“Mi accorgevo di avere la pelle d’oca. Senza una ragione, dato che non avevo freddo. Era forse passato un fantasma su di noi? No, era stata la poesia. Una scintilla si era staccata dal poeta e mi aveva dato una scossa gelida. Avevo voglia di piangere; mi sentivo molto strana.Avevo scoperto un nuovo modo di essere felice.” (Sylvia Plath)
venerdì 4 dicembre 2015
Domicile conjugal di François Truffaut. 1969
Il film si apre con una insistenza quasi voyeristica sulle gambe di Claude Jade (ai tempi, la compagna di Truffaut) che recita la parte di Christine Darbon/Léaud.

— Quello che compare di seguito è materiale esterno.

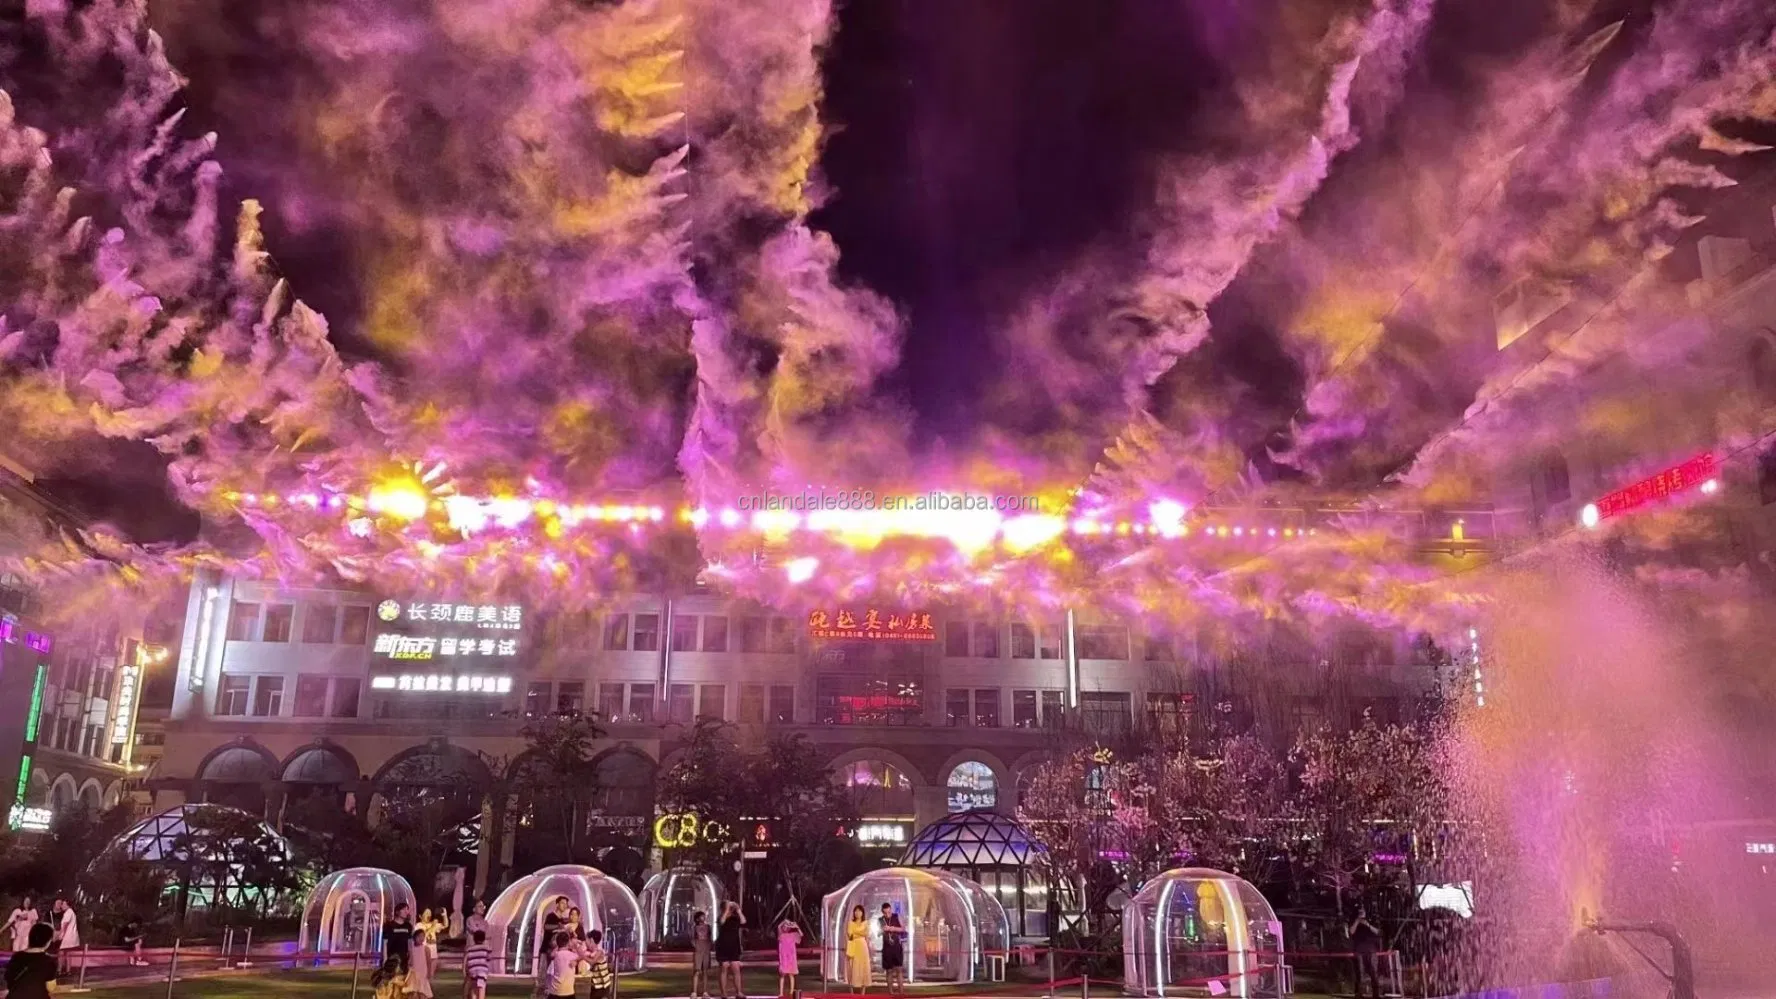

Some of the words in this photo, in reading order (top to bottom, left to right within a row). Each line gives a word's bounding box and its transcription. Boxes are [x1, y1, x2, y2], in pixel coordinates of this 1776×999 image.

La ragazza ha un violino in mano perchè si scoprirà poi essere una musicista, e corregge i suoi interlocutori che la chiamano "mademoiselle", perché lei è sposata "No, pas mademoiselle, madame".
Antoine, il novello marito, per lavoro tinge fiori e li vende nel suo negozio, nel cortile del caseggiato in cui vive con la moglie, aiutandola con clienti insolventi. Le tinture di Antoine a volte non riescono, così il ragazzo decide di cambiare lavoro. Viene assunto per un malinteso (uno scambio di lettera di presentazione) in una grande impresa americana, non sarebbe mai stato assunto, si cerca uno che conosca bene l'inglese, mentre il suo inglese è piuttosto maldestro, proprio come ai tempi di "I 400 colpi" quando René non riusciva a pronunciare "Where is the father".
Il suo nuovo lavoro consiste nel manovrare battelli in miniatura che galleggiano in una vasca del parco (come un gioco per bambini). Nasce il primo figlio della coppia. Christine vuole chiamarlo Ghislain, ma Antoine lo registra come Alphonse. (da cui: prime liti).
L'oggetto del desiderio, per essere tale, deve necessariamente essere "altrove" e s'innamora di una giapponese, tradito ancora una volta dai fiori, nei quali la sua amante aveva incastrato messaggi d'amore che fuoriescono dai fiori quando questi si schiudono, Doinel è scoperto dalla moglie e si separano. Deve così abbandonare il domicilio coniugale, ma Antoine si stanca presto dell'avventura esotica, così torna dalla moglie.